Known-good counts: 39 tool/scoring · 21 safety · 12 API (non-integration) · 18 agent-isolation · 1 full-scan integration.

Known deviations from the architecture spec

See SPEC_DEVIATIONS.md for the running log.

Validation campaign — brief

Implementing the auto-runnable subset of PrePulse_Validation_Testing_Plan.md under validation/. Standalone runner; per-test JSONL with the plan's §5.1 schema; combined all_runs.jsonl per campaign.

Headline (281 results across the F-01..F-35 surface):

Result	Count	Note
pass	186	majority of the deterministic + in-process surface
fail	18	all prototype-side (see below)
error	3	one chat request, one judge crash, one agent crash
inconclusive	74	almost entirely Anthropic rate-limit during the chatbot run

Tests at 100% pass-rate: F-01/04/07/10/13 (75/75 schema conformance), F-05 (MITRE ids), F-08 (tool registry), F-12 (Remediator routing), F-15 (posture determinism in-process), F-19 (SSE event taxonomy), F-20 (trace JSONL fidelity), F-22 (frontend routes), F-25 (trace bytes stable), F-28 (no capability hallucination, 21/21), F-32 (LLM fallback wired), F-34 (schema rejection), F-35 (injection canaries 14/14).
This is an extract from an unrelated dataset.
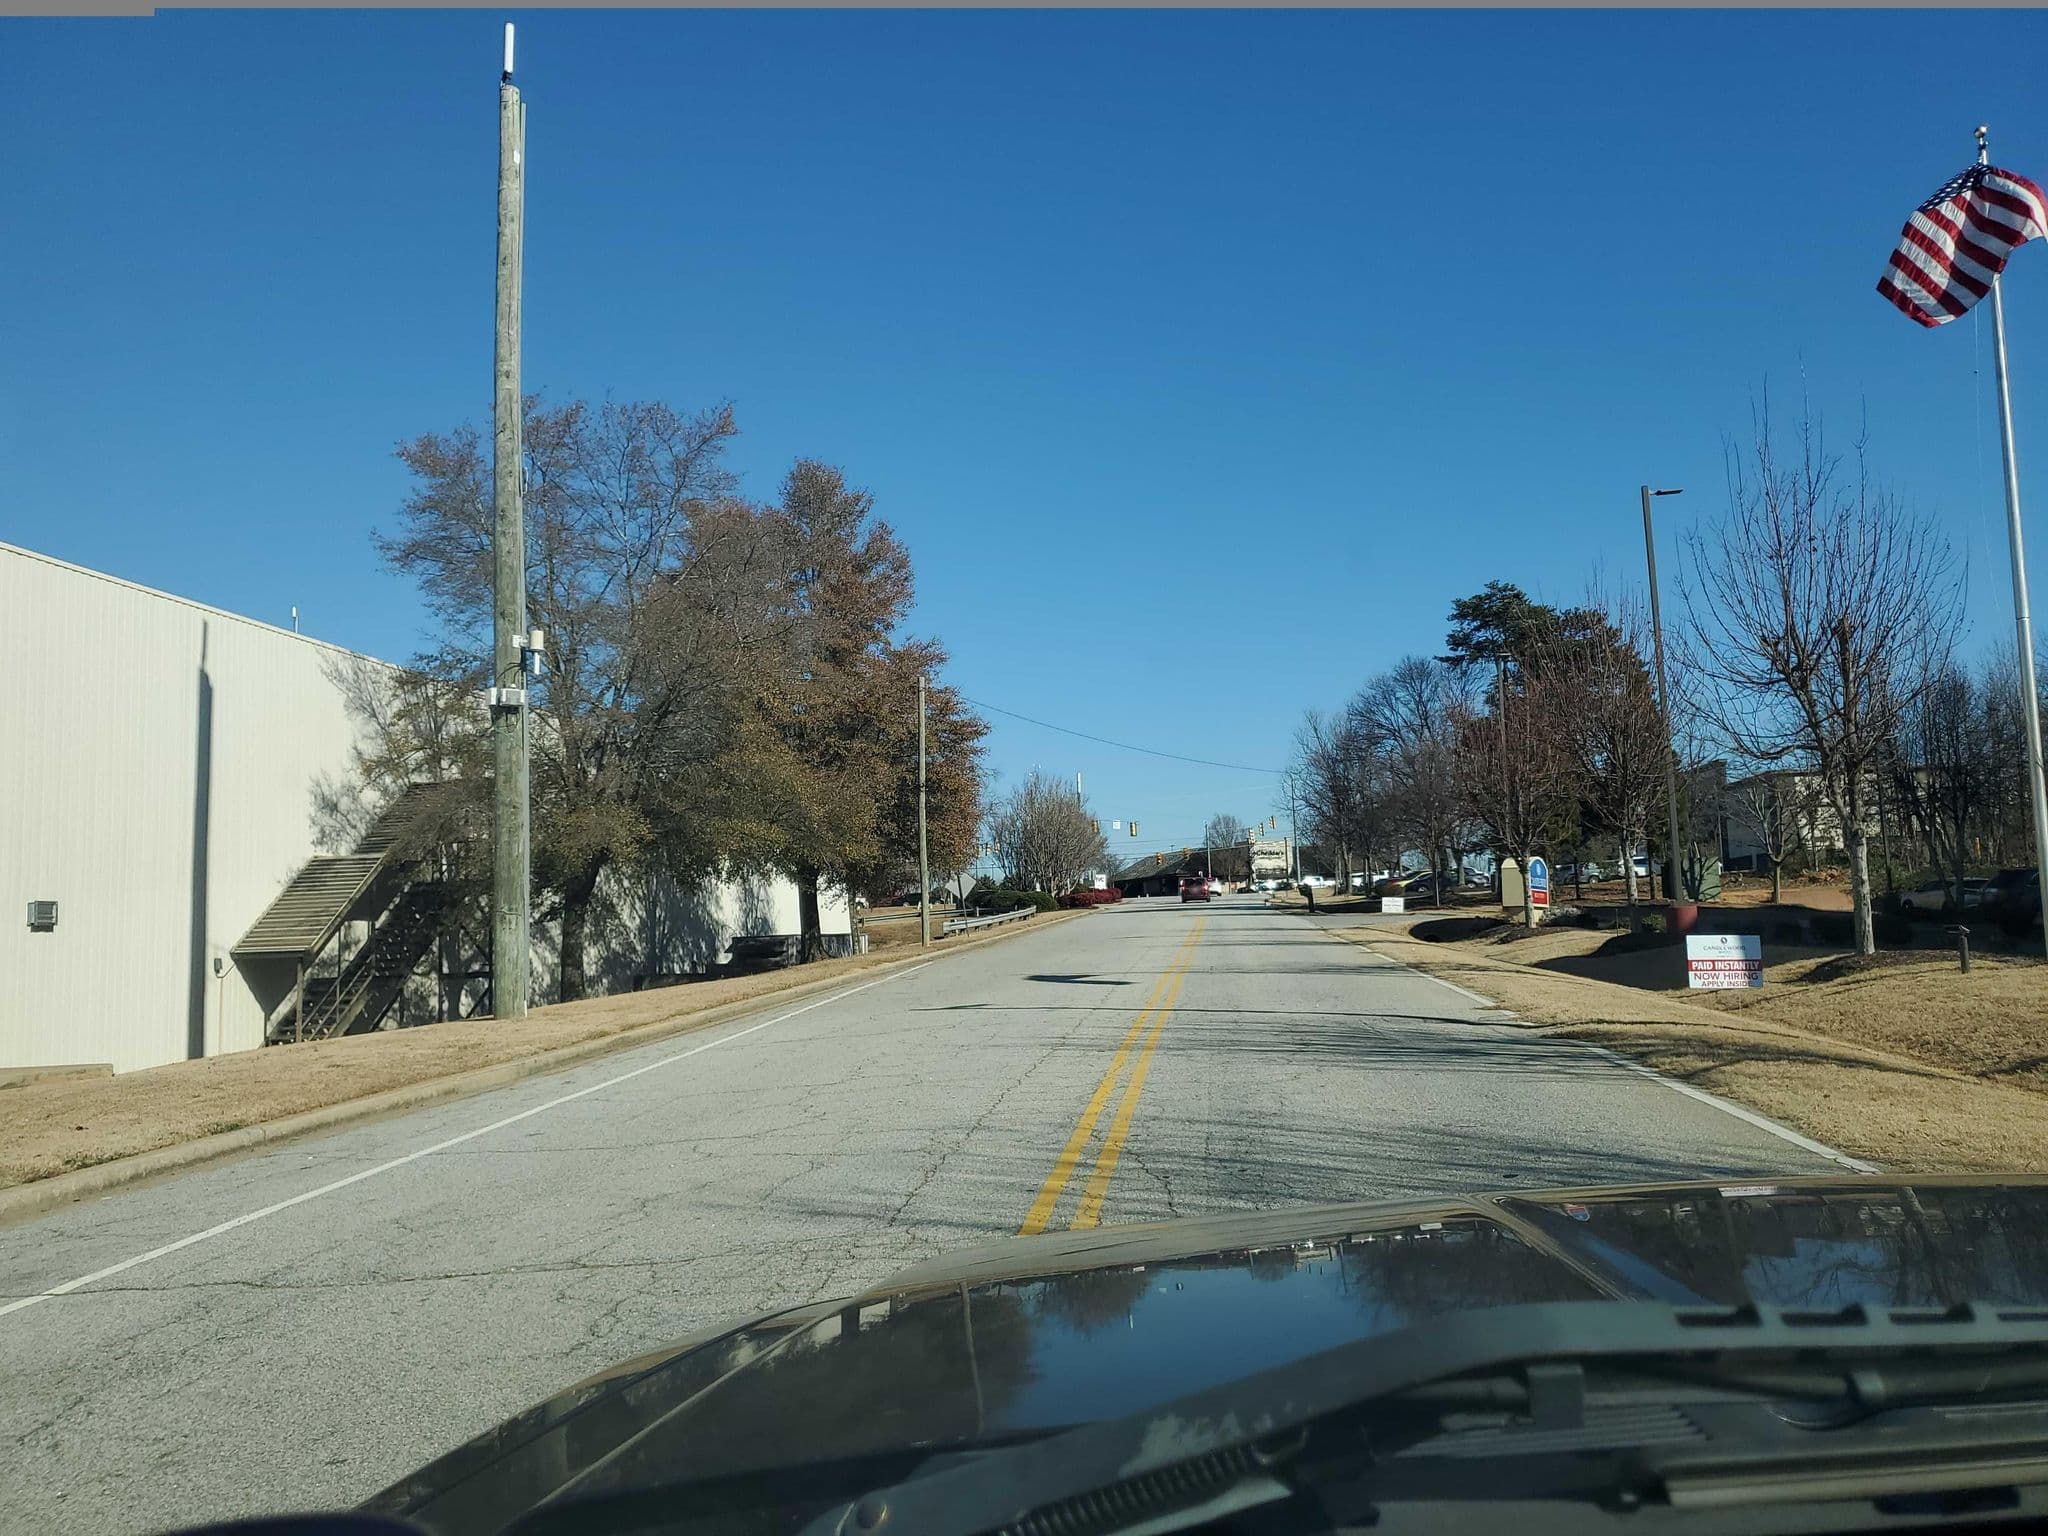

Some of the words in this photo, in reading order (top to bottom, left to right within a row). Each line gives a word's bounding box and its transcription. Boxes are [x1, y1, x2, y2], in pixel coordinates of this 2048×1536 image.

Real prototype-side findings the campaign surfaced:

F-33 / F-18 — posture-score drift. LLM-driven Hardening agent consistently over-credits risk_reduction_estimate, pushing greenfield posture from spec=32 → 47, shoplocal 72 → 99. The high score skips Remediator (§11 conditional route) → only 5 agents fire (test required ≥6). Recommend tightening Hardening's prompt cap or services/scoring.py weights.
F-21 — LLM non-determinism. Same profile, two runs, event sequences differ by 1 event. Temperature 0.2 isn't 0; mock-mode determinism (plan §2.5.1) is not achievable without temperature=0.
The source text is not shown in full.